↓↓↓

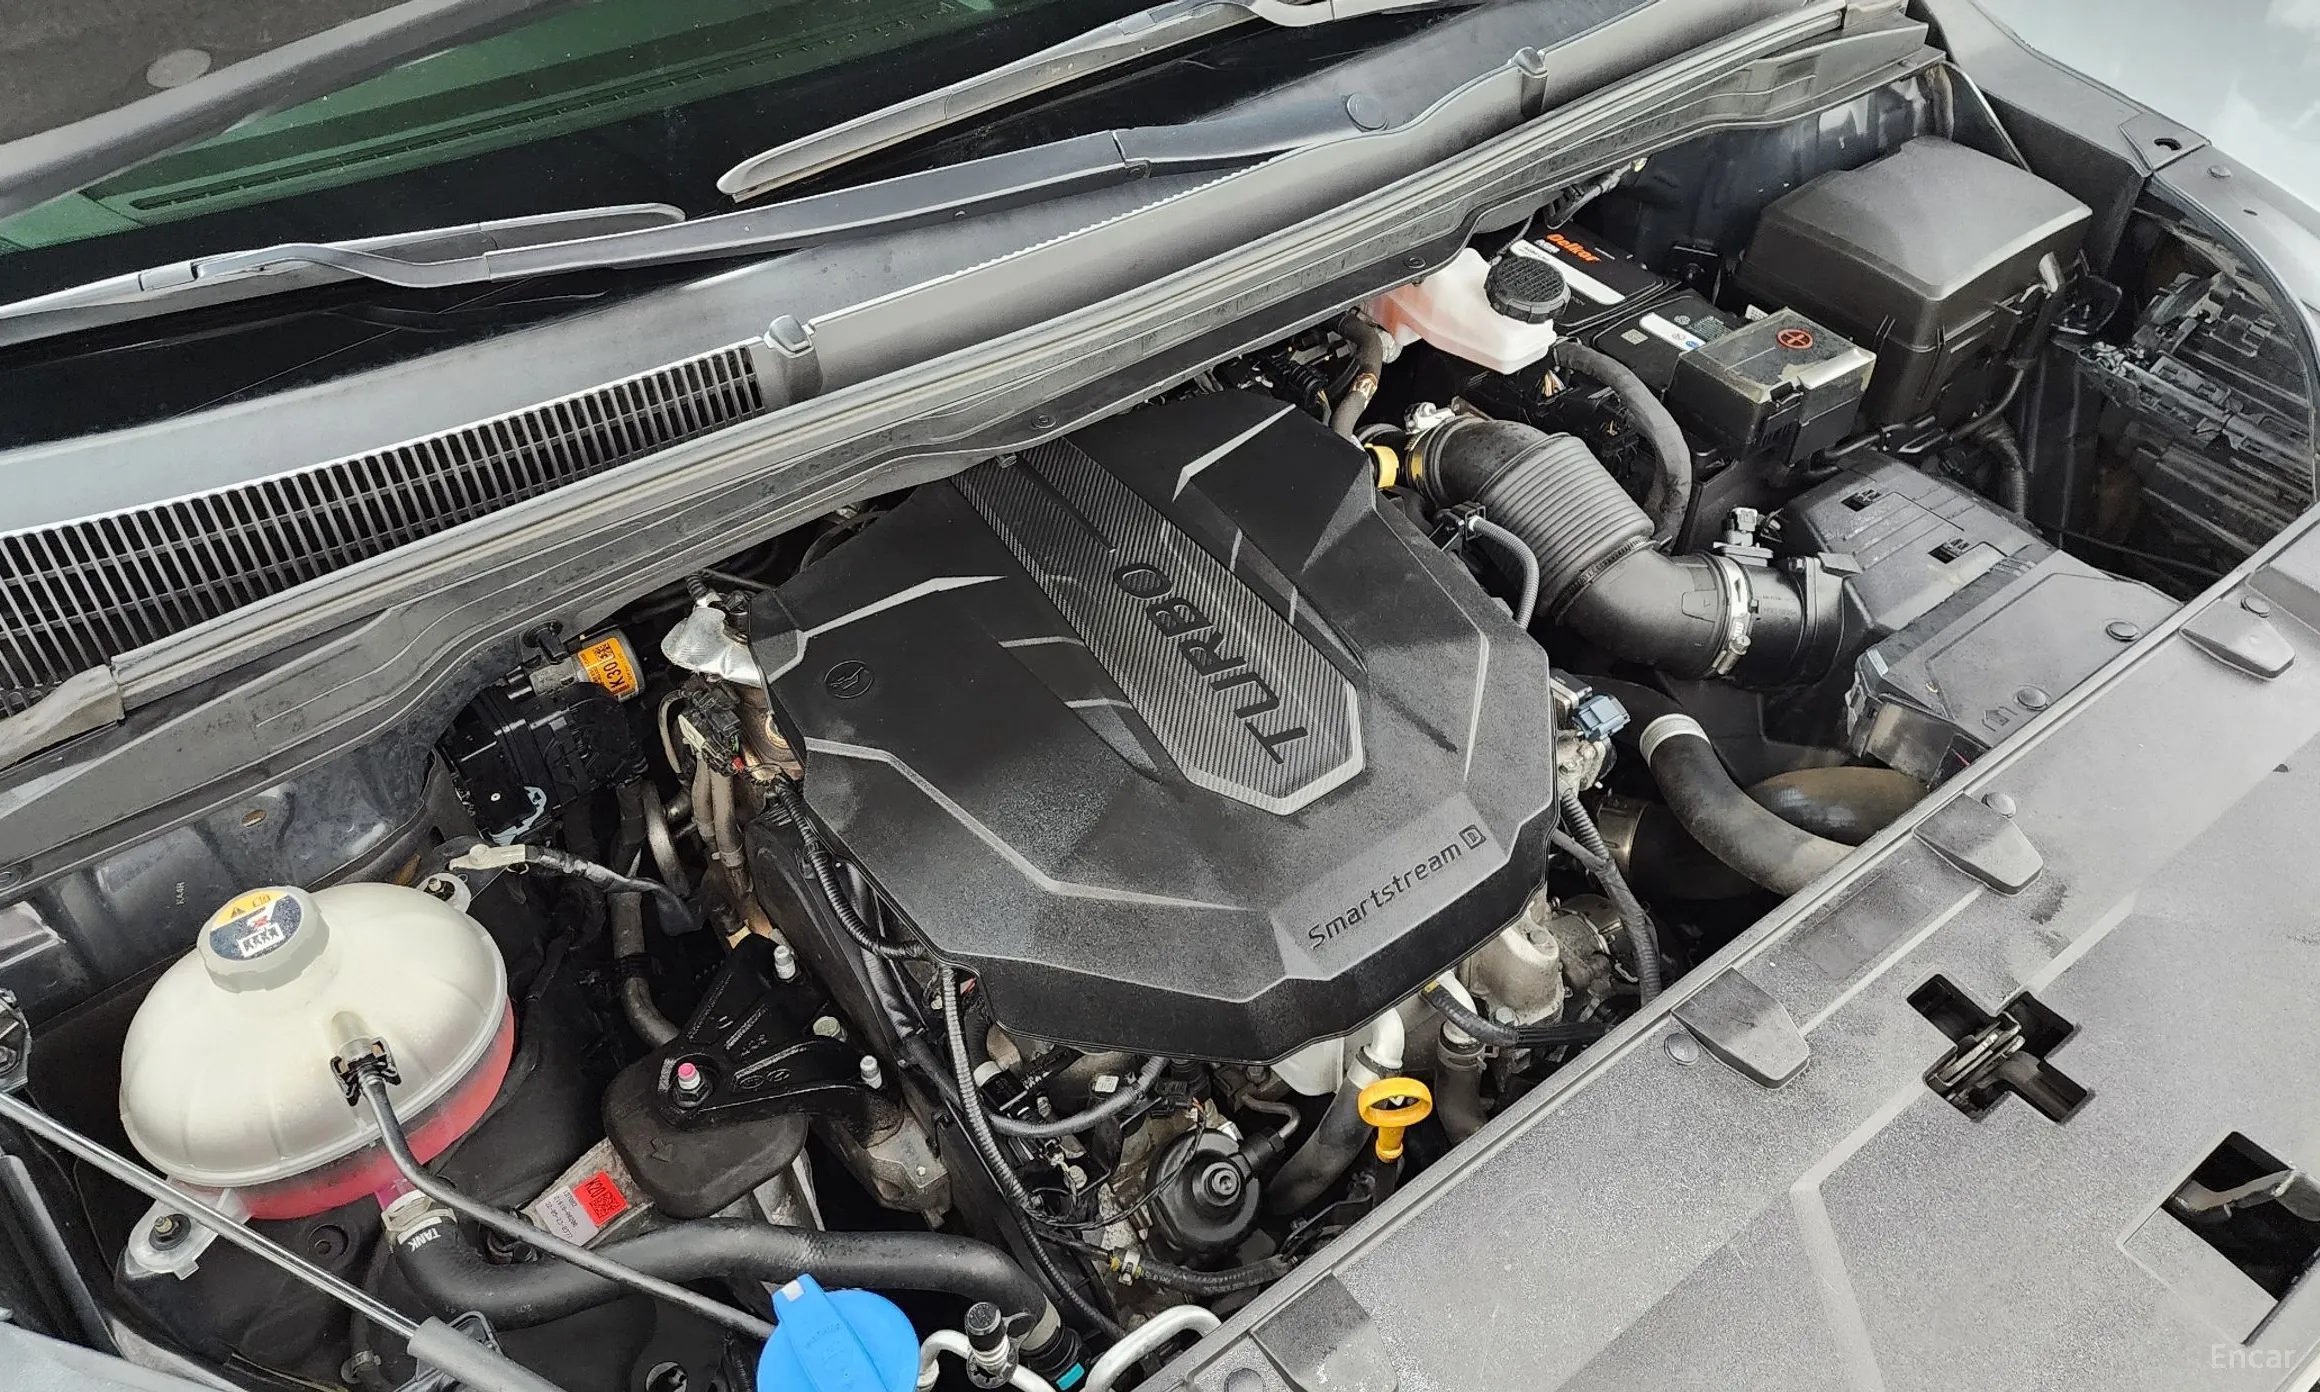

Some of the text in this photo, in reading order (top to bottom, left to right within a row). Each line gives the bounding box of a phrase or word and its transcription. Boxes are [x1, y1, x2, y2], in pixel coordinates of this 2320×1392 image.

[603, 662, 625, 688] K30
[1113, 563, 1308, 764] TURBO
[1308, 843, 1462, 949] Smartstream
[585, 1178, 606, 1203] K20
[408, 1227, 441, 1252] TANK

↑↑↑

Work item: Transcribe the data verbatim. No picture belongs in the result.

Expected answer:
Some of the text in this photo, in reading order (top to bottom, left to right within a row). Each line gives the bounding box of a phrase or word and its transcription. Boxes are [x1, y1, x2, y2], in pixel coordinates of this 2320×1392 image.

[603, 662, 625, 688] K30
[1113, 563, 1308, 764] TURBO
[1308, 843, 1462, 949] Smartstream
[585, 1178, 606, 1203] K20
[408, 1227, 441, 1252] TANK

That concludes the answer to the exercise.